Got it. That's very helpful. Thank you.
Thank you. And our last question will be from Andrew DeGasperi with Berenberg. Your line is now open.
Good morning. I just wanted to quickly ask in terms of the renewals that you've seen so far in Q1. Have you seen any incremental penetration of your tool set within that cohort of customers?
So, have we seen any incremental penetration within the customers where there's recurring revenues? I'm sorry. I didn't follow the question.
No. More like, have your customers added more – are using more tools or more products from Altair, the ones that have renewed? Yeah.
Got it. Yeah. We're business as usual, right? So, we're trying to drive usage, and we're introducing the new products that are there. We've got some very, very interesting new technologies. PollEx is starting to get a lot of interest. We just went out with some marketing around it. We have this huge list of companies that are interested in exploring it. Same on the EDEM side. We've had a lot of interest there. Yeah. And there's a lot of interest in SimSolid. Just that continues to really grow. We just had a webinar with Whirlpool presenting actually on SimSolid, and we had over 1,000 people participate. And we had another one with another customer. I think it might have been Renault, and that was over 1,000 people as well. These are just two small webinars. The attendance and interest in all these new applications is really, really significant.

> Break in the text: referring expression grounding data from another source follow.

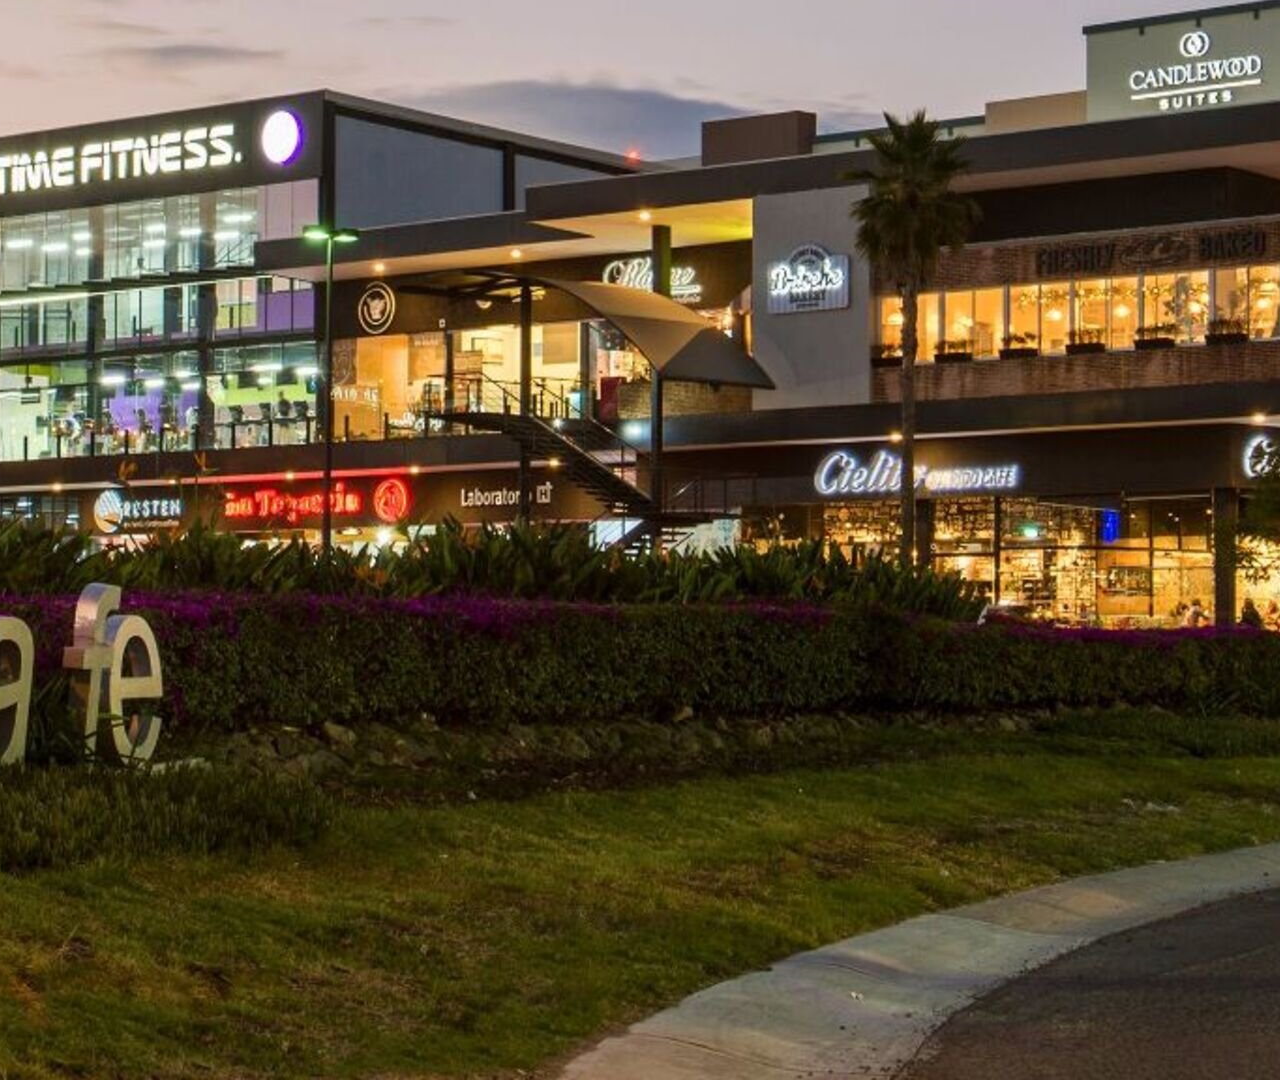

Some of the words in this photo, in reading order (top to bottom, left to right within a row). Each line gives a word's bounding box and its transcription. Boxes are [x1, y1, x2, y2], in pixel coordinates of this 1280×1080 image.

[1129, 55, 1263, 91] CANDLEWOOD
[1158, 89, 1233, 111] SUITES
[63, 583, 163, 763] fe
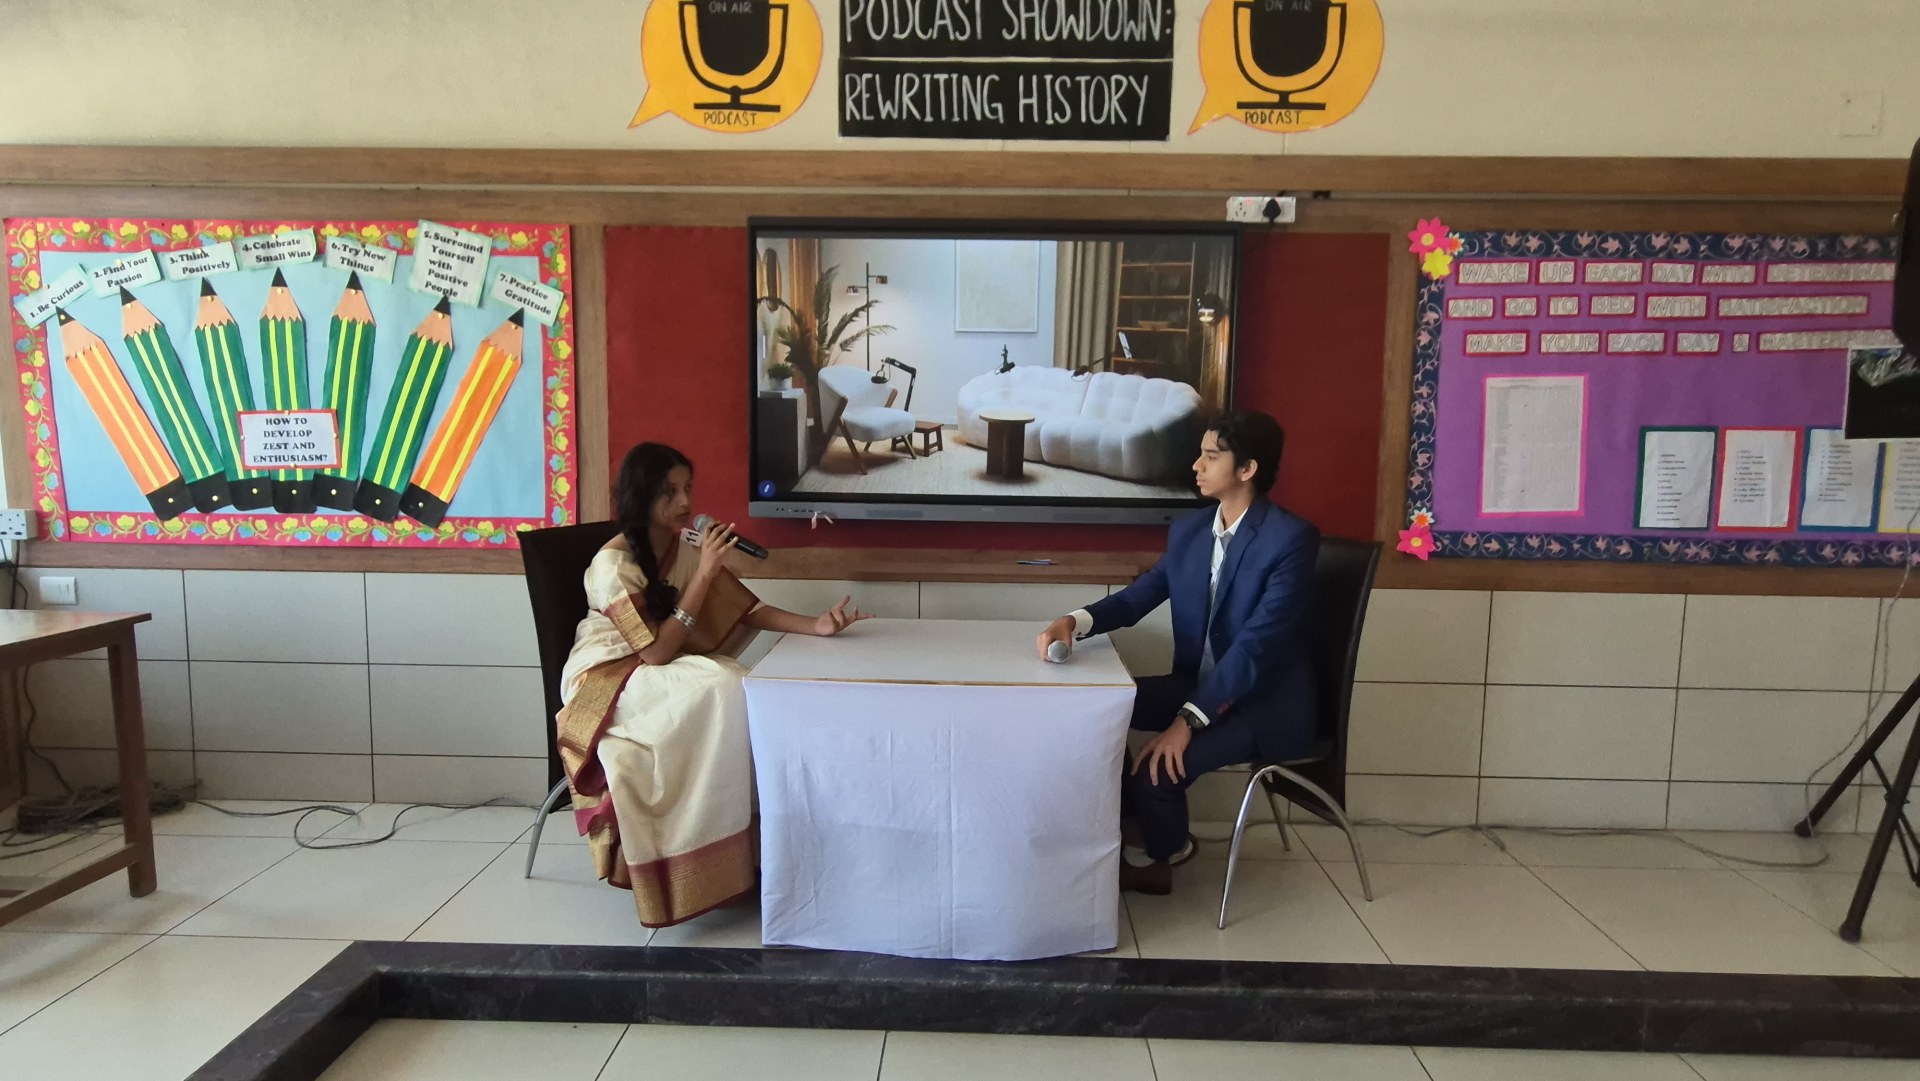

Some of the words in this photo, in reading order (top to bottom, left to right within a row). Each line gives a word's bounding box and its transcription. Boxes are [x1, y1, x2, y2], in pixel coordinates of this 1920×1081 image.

[731, 1, 752, 14] AIR
[1001, 0, 1172, 42] SHOWDOWN:
[845, 73, 1004, 123] REWRITING
[1018, 74, 1148, 126] HISTORY
[703, 111, 758, 126] PODCAST
[1244, 110, 1301, 126] PODCAST
[255, 253, 286, 263] Small
[288, 250, 311, 258] Wins
[363, 248, 386, 262] New
[432, 244, 475, 264] Yourself
[129, 256, 149, 269] Your
[182, 260, 231, 275] Positively
[340, 256, 375, 273] Things
[429, 259, 453, 271] with
[106, 272, 143, 288] Passion
[427, 268, 469, 288] Positive
[1461, 263, 1528, 283] WAKE
[1542, 262, 1573, 281] UP
[1588, 263, 1642, 282] EACH
[1653, 264, 1694, 282] DAY
[51, 280, 84, 305] Curious
[425, 280, 458, 298] People
[504, 289, 552, 316] Gratitude
[1450, 299, 1492, 317] AND
[1506, 298, 1536, 315] GO
[1552, 297, 1578, 314] TO
[1593, 296, 1635, 314] BED
[1469, 334, 1525, 352] MAKE
[1543, 333, 1598, 352] YOUR
[1610, 333, 1664, 352] EACH
[1680, 334, 1718, 351] DAY
[265, 418, 291, 426] HOW
[263, 430, 312, 438] DEVELOP
[263, 442, 289, 450] ZEST
[292, 442, 315, 450] AND
[253, 454, 328, 463] ENTHUSIASM?

That's pretty impressive. I just wanted to quickly maybe switch to Howard. In terms of the aerospace and defense exposure you have, would you say it skews more on to the defense side? And could you maybe give us some idea of how that customer base is doing at this time?
Well, aerospace for us is a little less than maybe 10% of our business on the software side. And as you know, those development projects have very long time horizons. At the same time, obviously, they're under immense pressure, as you might suspect right now for obvious reasons. So, we've, again, been a pretty conservative view on that, but we don't expect to see significant shifts in that business based upon where we are right now.
I was just going to add. We had a lot of momentum in aero coming into this year. Obviously, everything is adjusted accordingly. But we're still feeling very, very good about that space. And defense in general, I think, is doing fine as well from what I see.
Great. And lastly, in terms of the large versus small/medium business customers that you serve, have you seen any significant change in terms of one or the other? I'm assuming that the small/medium side is probably going to be more pressured.
Yeah. That's exactly right. So, when we think about the change to the business cycles or slowdown in opportunities for expansion, whatever, it's much more impact to the small/medium customers, for sure.
Great. Very helpful. Thank you.
I'm not showing any further questions at this time. I would now like to turn the call back over to Jim Scapa for closing remarks.
Thank you. I just want to express appreciation to everyone for their support and the interest in Altair. And wish everyone to stay safe. So, thank you very much.
Ladies and gentlemen, this concludes today's conference call. Thank you for participating. You may now disconnect.